Ora, parece-me claro que toda frustração traz dentro de si a semente para uma realização. Se ainda não germinou, frustra-se, mas será que ainda não vale continuar regando? Será que o tempo ainda não vai ficar mais favorável para que o verde apareça? Será que uma continuidade, uma perseverança, não poderiam transformar limão em limonada, arrependimento em sucesso, fracasso em resultado positivo?

Acredito que por vezes sim e por vezes não e nunca é possível antecipar qual delas estamos vivenciando. Insistir eternamente pode ser pior do que frustrar-se pontualmente e forçar-se a mover-se para frente. Tudo depende, a meu ver, do valor que se dá à semente e do quanto queremos saborear o fruto futuro ou desfrutar da sombra da vindoura árvore. De acordo com o tamanho do sonho, mede-se o tamanho do desafio e do empenho a ser dedicado para alcançá-lo.
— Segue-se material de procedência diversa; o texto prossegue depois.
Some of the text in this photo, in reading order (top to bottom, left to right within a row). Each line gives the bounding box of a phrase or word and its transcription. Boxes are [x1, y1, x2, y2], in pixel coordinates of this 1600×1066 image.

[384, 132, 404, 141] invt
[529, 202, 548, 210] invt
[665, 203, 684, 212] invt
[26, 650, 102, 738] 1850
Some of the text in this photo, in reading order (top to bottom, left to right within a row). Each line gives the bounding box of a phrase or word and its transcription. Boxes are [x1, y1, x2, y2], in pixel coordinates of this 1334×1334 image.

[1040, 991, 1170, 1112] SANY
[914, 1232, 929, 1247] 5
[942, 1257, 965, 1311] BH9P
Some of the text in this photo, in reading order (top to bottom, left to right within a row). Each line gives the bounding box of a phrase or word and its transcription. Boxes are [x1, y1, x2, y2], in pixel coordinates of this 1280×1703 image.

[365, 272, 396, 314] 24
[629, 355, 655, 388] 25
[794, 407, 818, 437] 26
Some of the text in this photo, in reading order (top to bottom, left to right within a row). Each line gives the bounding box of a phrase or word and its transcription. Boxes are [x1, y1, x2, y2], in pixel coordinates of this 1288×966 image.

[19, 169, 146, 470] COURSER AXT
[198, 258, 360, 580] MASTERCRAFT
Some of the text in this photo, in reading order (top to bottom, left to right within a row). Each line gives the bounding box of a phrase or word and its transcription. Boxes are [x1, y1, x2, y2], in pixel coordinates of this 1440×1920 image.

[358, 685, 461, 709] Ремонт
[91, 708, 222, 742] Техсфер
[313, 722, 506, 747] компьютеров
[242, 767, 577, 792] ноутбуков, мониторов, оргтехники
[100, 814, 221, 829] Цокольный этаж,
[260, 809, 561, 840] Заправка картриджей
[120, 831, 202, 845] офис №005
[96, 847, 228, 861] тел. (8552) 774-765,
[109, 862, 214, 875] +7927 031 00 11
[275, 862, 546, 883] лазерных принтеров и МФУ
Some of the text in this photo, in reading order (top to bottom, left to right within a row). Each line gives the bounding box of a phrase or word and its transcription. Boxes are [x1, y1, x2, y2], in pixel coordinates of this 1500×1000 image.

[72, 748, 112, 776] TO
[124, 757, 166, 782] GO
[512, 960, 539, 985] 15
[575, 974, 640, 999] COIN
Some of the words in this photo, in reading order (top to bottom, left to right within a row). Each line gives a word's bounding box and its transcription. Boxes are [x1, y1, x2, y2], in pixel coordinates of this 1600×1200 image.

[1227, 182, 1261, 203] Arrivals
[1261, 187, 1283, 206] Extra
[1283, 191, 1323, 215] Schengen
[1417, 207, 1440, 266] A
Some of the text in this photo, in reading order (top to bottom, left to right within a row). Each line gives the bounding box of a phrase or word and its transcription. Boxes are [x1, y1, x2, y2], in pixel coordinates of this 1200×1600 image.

Eu tenho amor ao debate. Realmente gosto de entrar em discussões com pontos de vista conflitantes, defender os meus e aprender com os dos demais. Tenho comigo que é sempre importante entrar nessas disputas disposto a modificar completamente a sua visão de mundo, e para isso devo estar atento aos argumentos e não a quem os diz. Da mesma forma, espero conseguir ter clareza ao expor os meus e tenho expectativa de que seja ouvido pelas ideias que aporto e não pelas que um dia já aportei ou aportarei. O ser humano é rico em contradições e ser uma pedra imutável não é virtude. Prefiro ser essa metamorfose ambulante.

 

Apesar de adorar viver novas experiências e de saber que boa parte delas tem um custo material para ser realizada (como foi a ida ao Kilimanjaro no ano passado e como será a ida ao campo base do Everest neste ano) eu já me conheço o suficiente para saber que vivo bem com pouco, que meus valores vão além do valor da conta do restaurante ou do carro que tenho na garagem ou ainda da metragem de minha residência, seja ela própria ou alugada. Nada disso importa muito. Dou mais valor às pessoas com quem me relaciono e na qualidade dessas relações, onde busco sempre ser honesto e sincero. Dou valor ao meu ukulele e os três acordes que já sei fazer. Dou mais valor a este meu blog onde posso expor minhas ideias. Dou mais valor aos seriados e filmes que gosto de assistir e que me divertem ao mesmo tempo que me estimulam. Aos meus livros e HQs que nem tenho mais onde guardar – para desespero da minha esposa.

Neste 171, para ligar os dois tempos do texto nesta pequena prorrogação, preciso apenas dizer que há um grande empenho de minha parte em transformar, via debate, uma realidade antiga. Batalhas tem sido ganhas, aos poucos, lentamente. Mas a guerra ainda não tem prognóstico. E isso poderá ser uma grande frustração. Valerá continuar regando?